CONCORD, New Hampshire — An estimated 7 percent of New Hampshire's population remains uninsured as a new sign-up season nears, according to the consumer outreach organization Covering New Hampshire.
The third enrollment period under President Barack Obama's health care overhaul law opens Nov. 1 for coverage taking effect in January. Based on federal and state enrollment information and survey data, Covering New Hampshire estimates that 93,106 residents still lack health insurance. That's down from the roughly 155,000 who were uninsured in October 2013, when the insurance marketplaces created by the law launched.
"We have reduced that number by more than 60,000 and gotten more comprehensive wellness plans into the marketplace," said Michael Degnan, director of the New Hampshire Health Plan, the agency that manages Covering New Hampshire. "That means peace of mind to thousands of New Hampshire families, and it has helped countless businesses to have a healthy, productive workforce."

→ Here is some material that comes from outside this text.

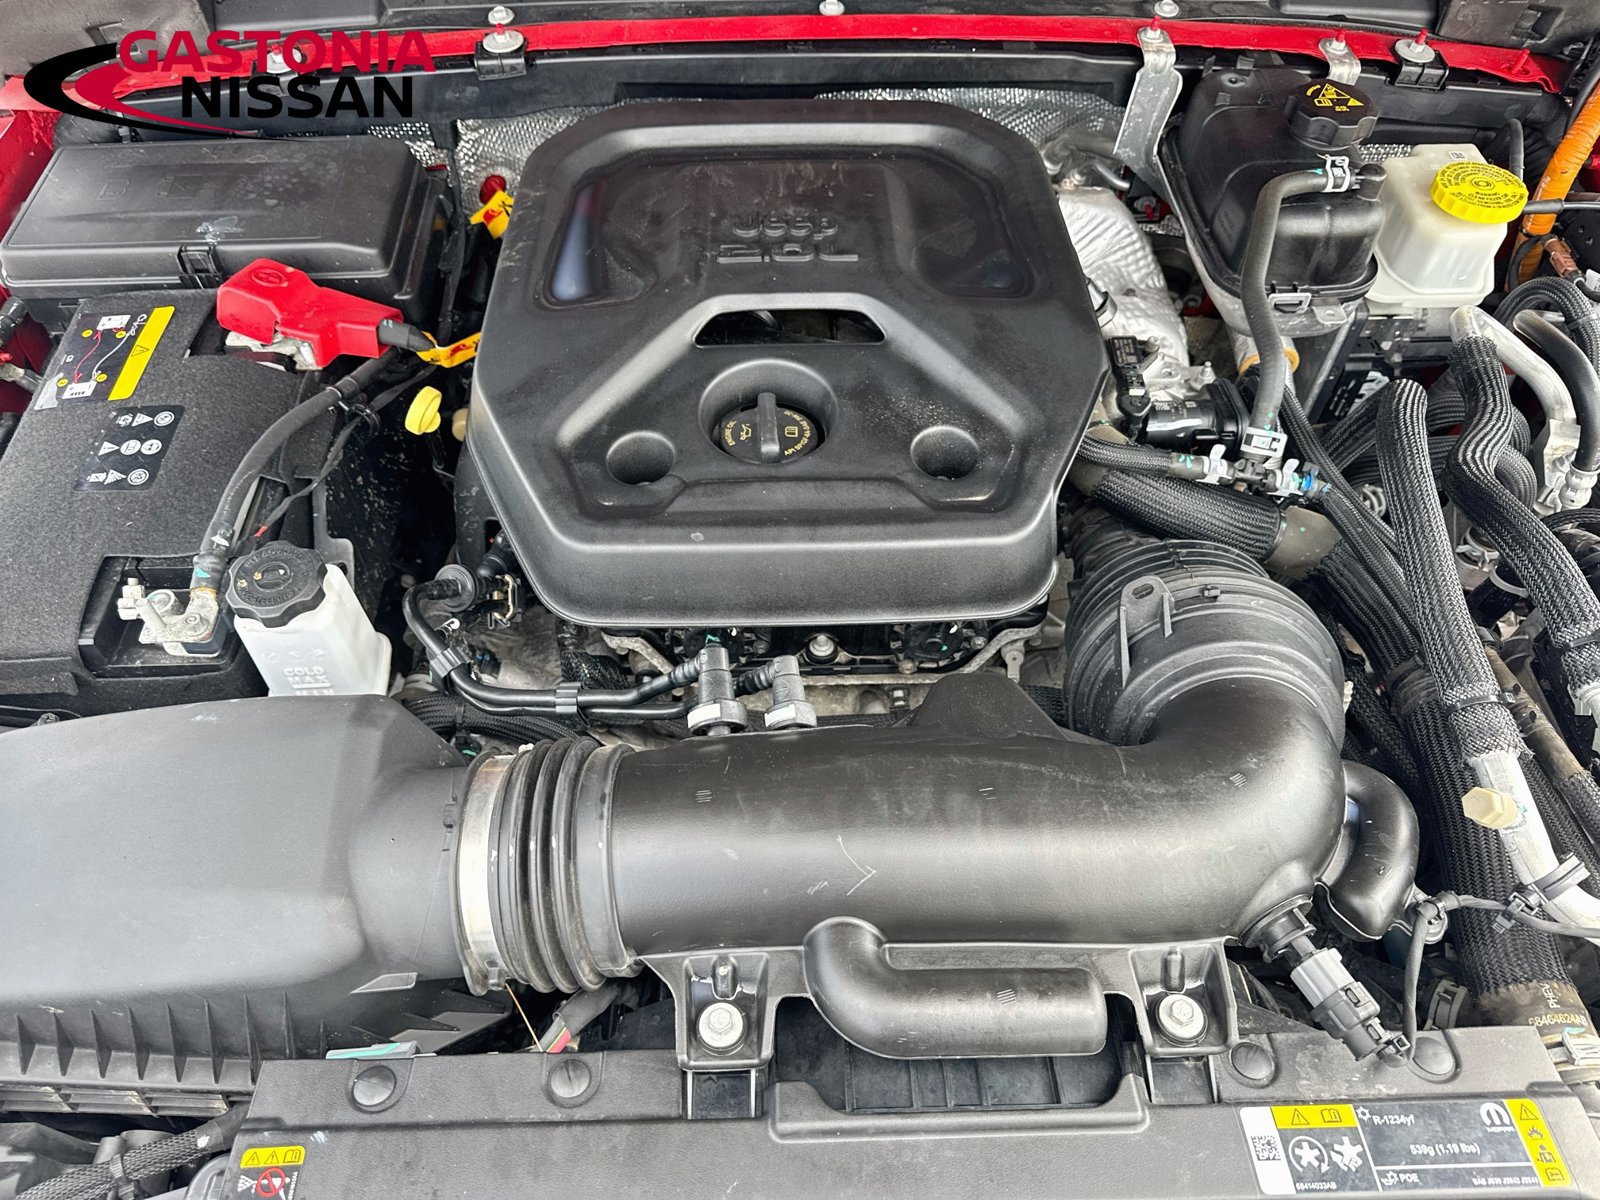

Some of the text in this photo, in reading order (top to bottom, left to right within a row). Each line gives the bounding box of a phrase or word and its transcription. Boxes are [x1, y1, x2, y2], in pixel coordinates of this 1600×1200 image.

Covering New Hampshire estimates that 53,000 individuals were enrolled in the marketplace by the end of the second enrollment period in February, and of those surveyed, 44 percent were previously uninsured. After the state expanded its Medicaid program, about 42,000 individuals enrolled either through the state's managed care program for Medicaid or through a program that subsidizes employer coverage. Covering New Hampshire estimates that 27,000 of that total were previously uninsured.
The expanded Medicaid program is projected to cost $340 million a year when fully implemented and would use 100 percent federal funding through 2017. Coverage will end if federal funding drops below 100 percent and ends regardless at the end of 2016 if the Legislature doesn't reauthorize it.
"While some may wish to continue debating the merits of these programs, it is difficult to deny the solid return on investment they offer our state," Degnan said.